Closer to each threshold, the resonance states become both more densely packed, and more difficult to describe by any given basis set. This is reflected in the stabilization diagram overview by a more noisy DOS scatter plot on the right sight, where the energy curves on the left side become wavy rather than properly stabilized:
Most of the descending sections in the upper part of this plot are spurious, and should not be registered as resonances. We can easily de-select all resonances starting from number 15 by entering
15+R
to obtain
After being satisfied with all selections for this threshold, we can proceed to the next one by typing
ok
Now, just as before, the stabilization diagram overview between the thresholds at E=-0.5 and E=-0.22222 is shown:
This area is much noisier, with more wrongly detected resonance states. From the inspection of the right-side scatter plot, it becomes quickly apparent that resonance 48 is entirely spurious; and resonances 51 and up are likely unreliable. We deactivate these resonances by
48R 51+R
and obtain
This verification process opens a large amount of images; to close all of them, the image viewer process can be terminated by entering close
. (Note that this only works if the process was started by ReSMax.)
The loop over the thresholds can be terminated by typing end
. This makes sense to do if the presently shown energy range already no longer contains good resonances. No resonances from higher, un-inspected thresholds will be listed in the results.
Upon completion, ReSMax generates and opens a results.txt
file listing all detected MBS and resonances, grouped by thresholds:
This file lists, for each resonance
The resonance information is tab-separated, so that it can be copy&pasted into Excel or any other spreadsheet software.

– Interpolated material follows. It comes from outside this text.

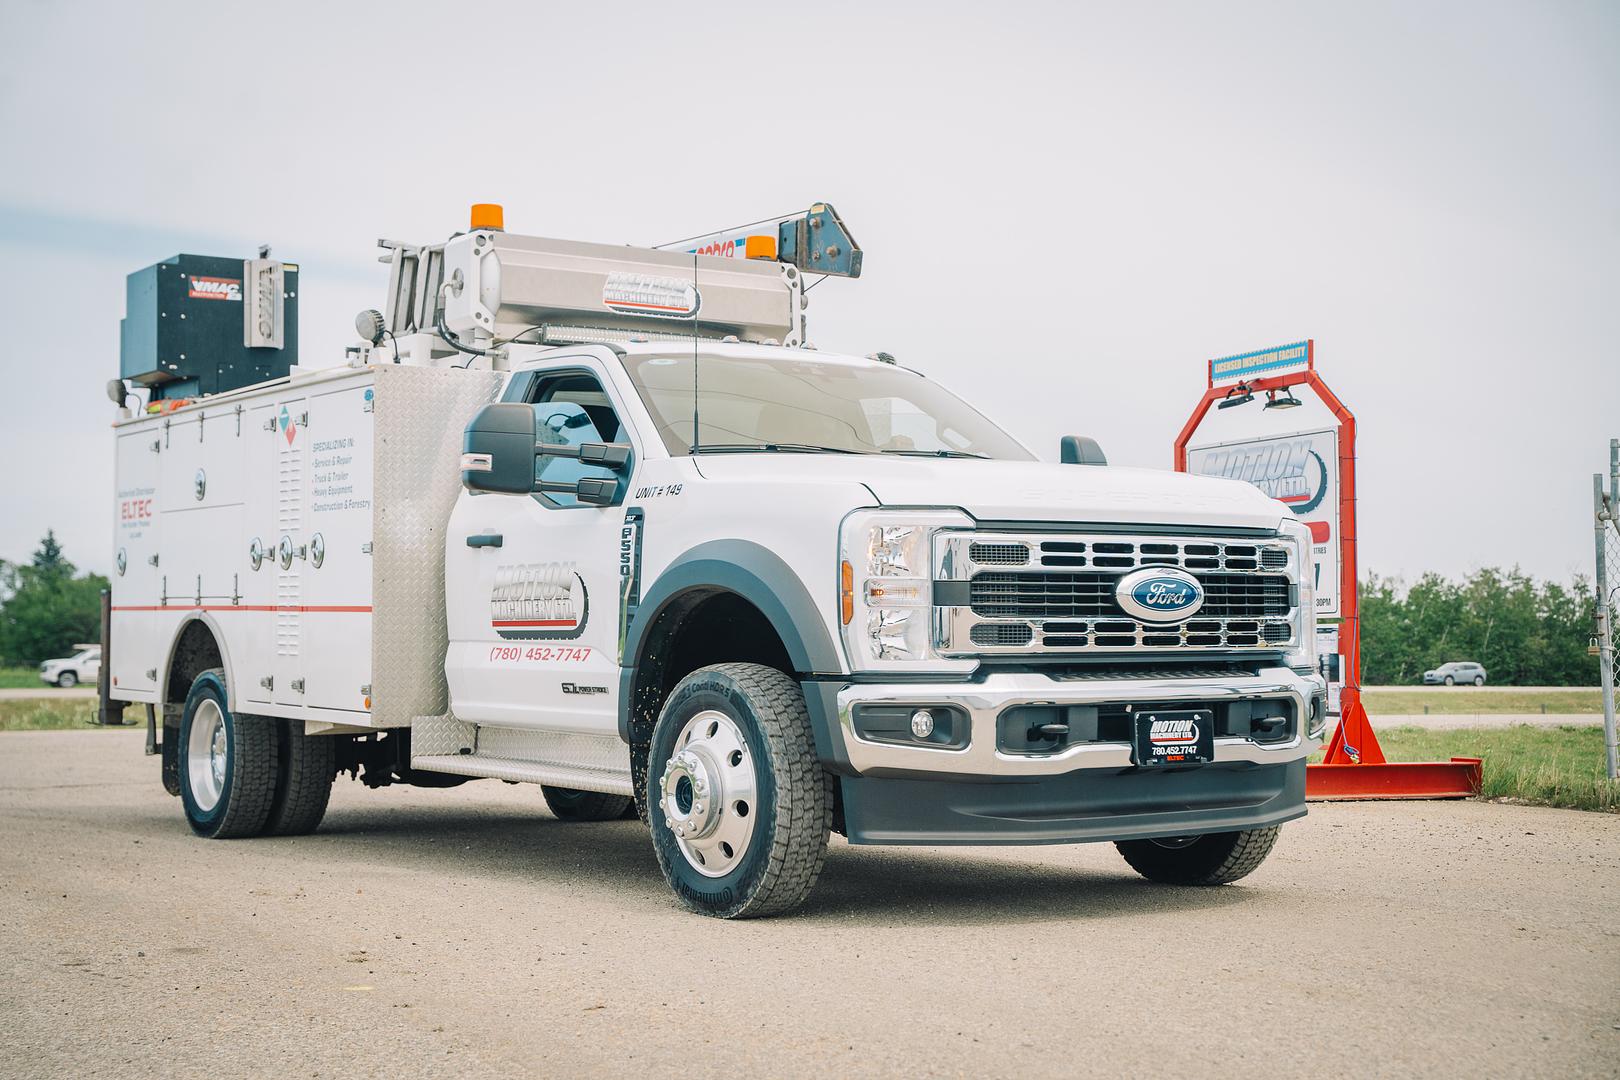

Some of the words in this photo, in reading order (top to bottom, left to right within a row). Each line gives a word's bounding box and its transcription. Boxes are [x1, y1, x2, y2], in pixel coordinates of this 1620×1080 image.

Additionally, plots of the chosen DOS peaks for each resonance, together with their Lorentzian fits, can be generated:
By inputting p
or pn
, these plots are generated for all thresholds or the .png
files are stored in the directory {file_name}/resonance_plots/{threshold_energy}/
. In our example, the fitted DOS peak for the lowest detected resonance can, after selecting p1
, be found under he_1Po_InfMass/resonance_plots/-0.50000/[1]-0.69313909.png
:
Additionally, for each plotted DOS peak, a .txt
file of the same name is created, in which the energy and DOS arrays for the DOS data points as well as the fitted Lorentzian curve are given. Using this data, the plot shown above can be re-created in any data visualizer of choice.
ReSMax is released under the MIT License.
You are free to use, modify, and distribute this software with proper attribution.